Letters from Kibera
By: Alexandria Jackson
“Zitah, wait!” I called as I struggled out of the matatu, a van meant for eight that was currently crammed with about 17 passengers making their way around Nairobi. A bus would have been much safer, but unfortunately the Nairobi bus system doesn’t stop anywhere near where we were going. I often thought matatu drivers had a death wish with how recklessly they sped from one stop to another, weaving in and out of traffic, around stray dogs or cattle, blaring hip hop or pop, music that generally matched the art on the outside of the vans that varied greatly in size and capacity. I’d seen a Beyonce matatu, one with Rihanna’s face plastered on the side of it, even several with toothy versions of Obama painted on the front and back. Kenyans are incredibly proud of Obama’s Kenyan heritage. I actually visited his paternal grandmother in her compound in Nyang’oma Kogelo, a small village just outside of Kisumu, near the famous Lake Victoria, a source of the Nile. One particular Obama matatu was playing Britney Spears’ “Hit Me Baby One More Time,” on repeat. I was scared. I didn’t want to be hit at all and was relieved when we finally got off as it seemed inevitable. I tripped after Zitah, who eventually realized I wasn’t quite as adept at navigating the crowded streets of her village as she was, and she slowed to an almost manageable pace.

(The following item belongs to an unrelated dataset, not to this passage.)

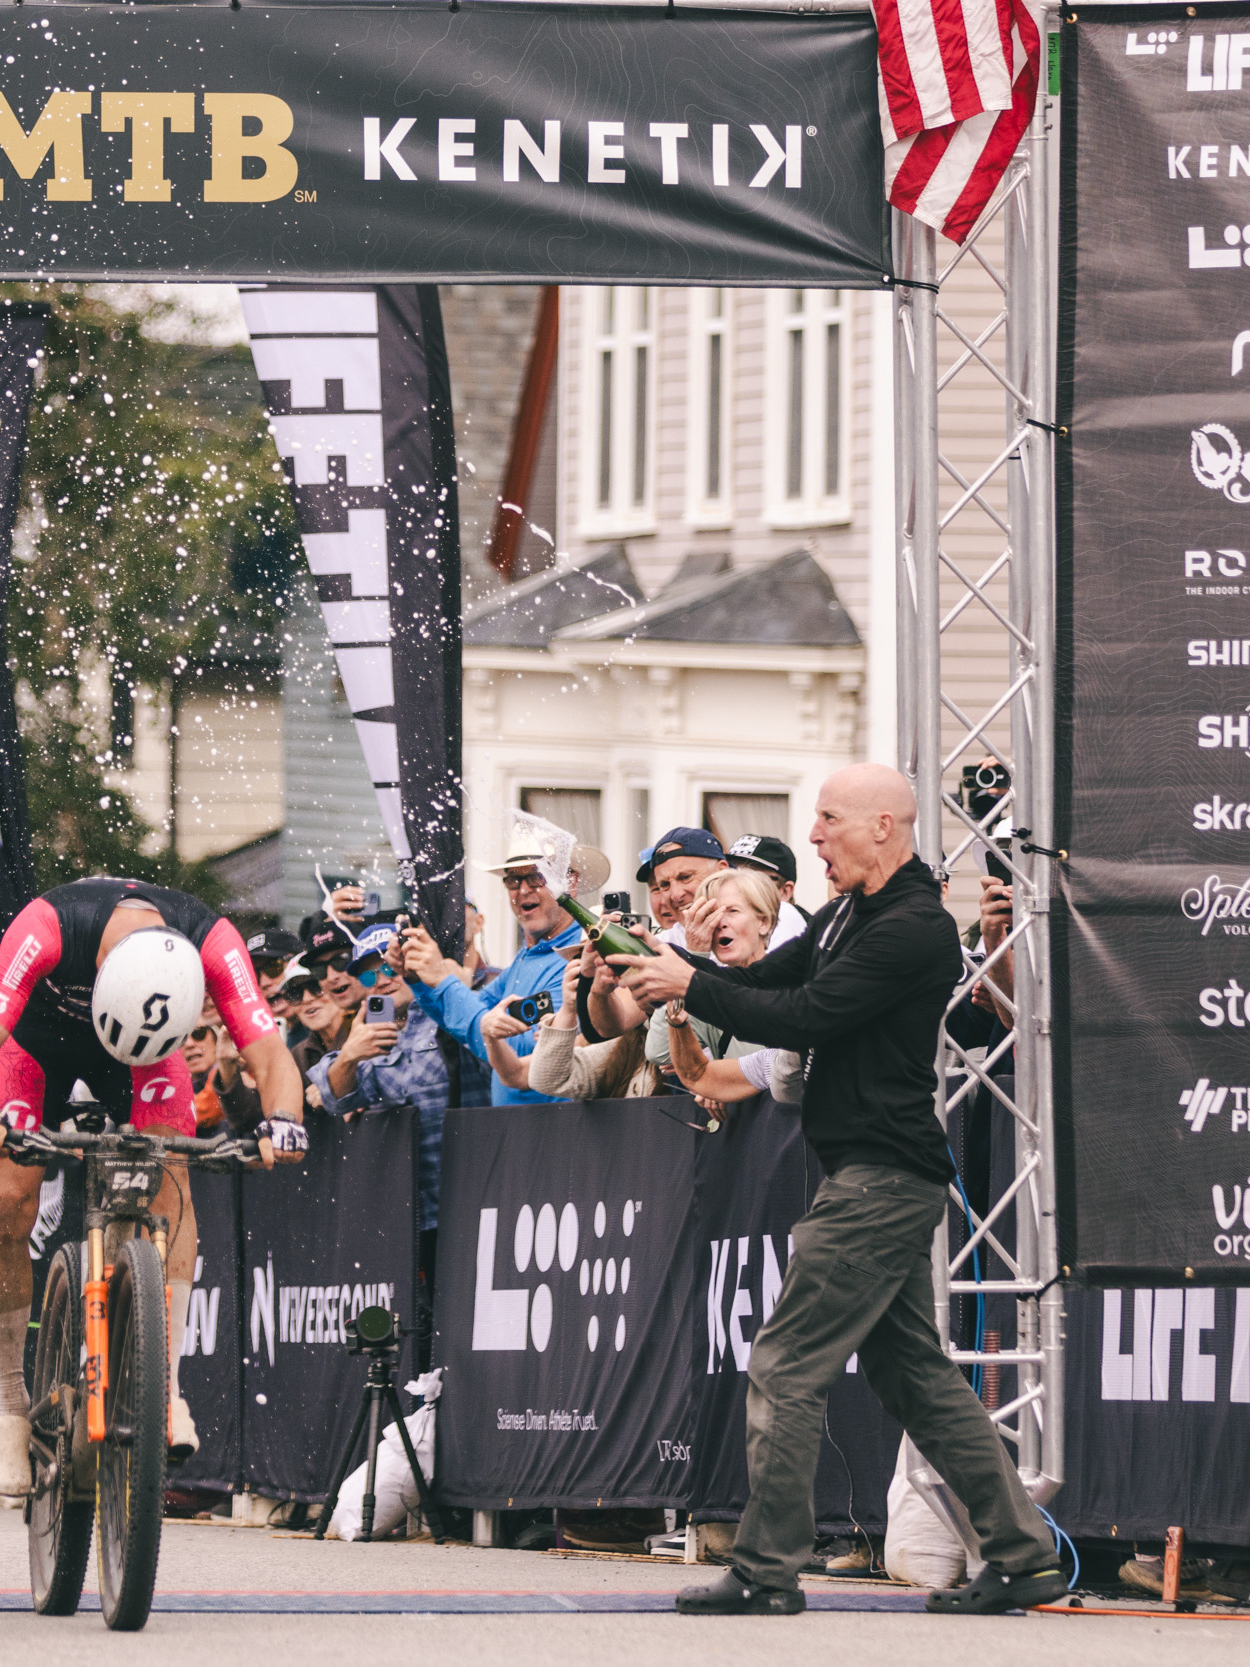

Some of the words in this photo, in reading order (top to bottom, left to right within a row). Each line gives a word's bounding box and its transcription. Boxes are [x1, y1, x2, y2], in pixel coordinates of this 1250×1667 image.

I met twenty-one-year-old Zitah Jimoi a few years ago while working in Kenya, right before I began to work for Apogee’s philanthropic arm. Zitah was nineteen at the time. I met her while visiting a few NGOs in Kibera, the most populated informal settlement in East Africa. Zitah had just been awarded the title of “Miss Kibera,” an honor she received after giving a speech about what she believes can be done within Kibera to address some of the community’s most pressing needs. The slums of Kibera, just five kilometers southwest of the City Center, Nairobi, are home to more than one fourth of Nairobi’s population, over one million people.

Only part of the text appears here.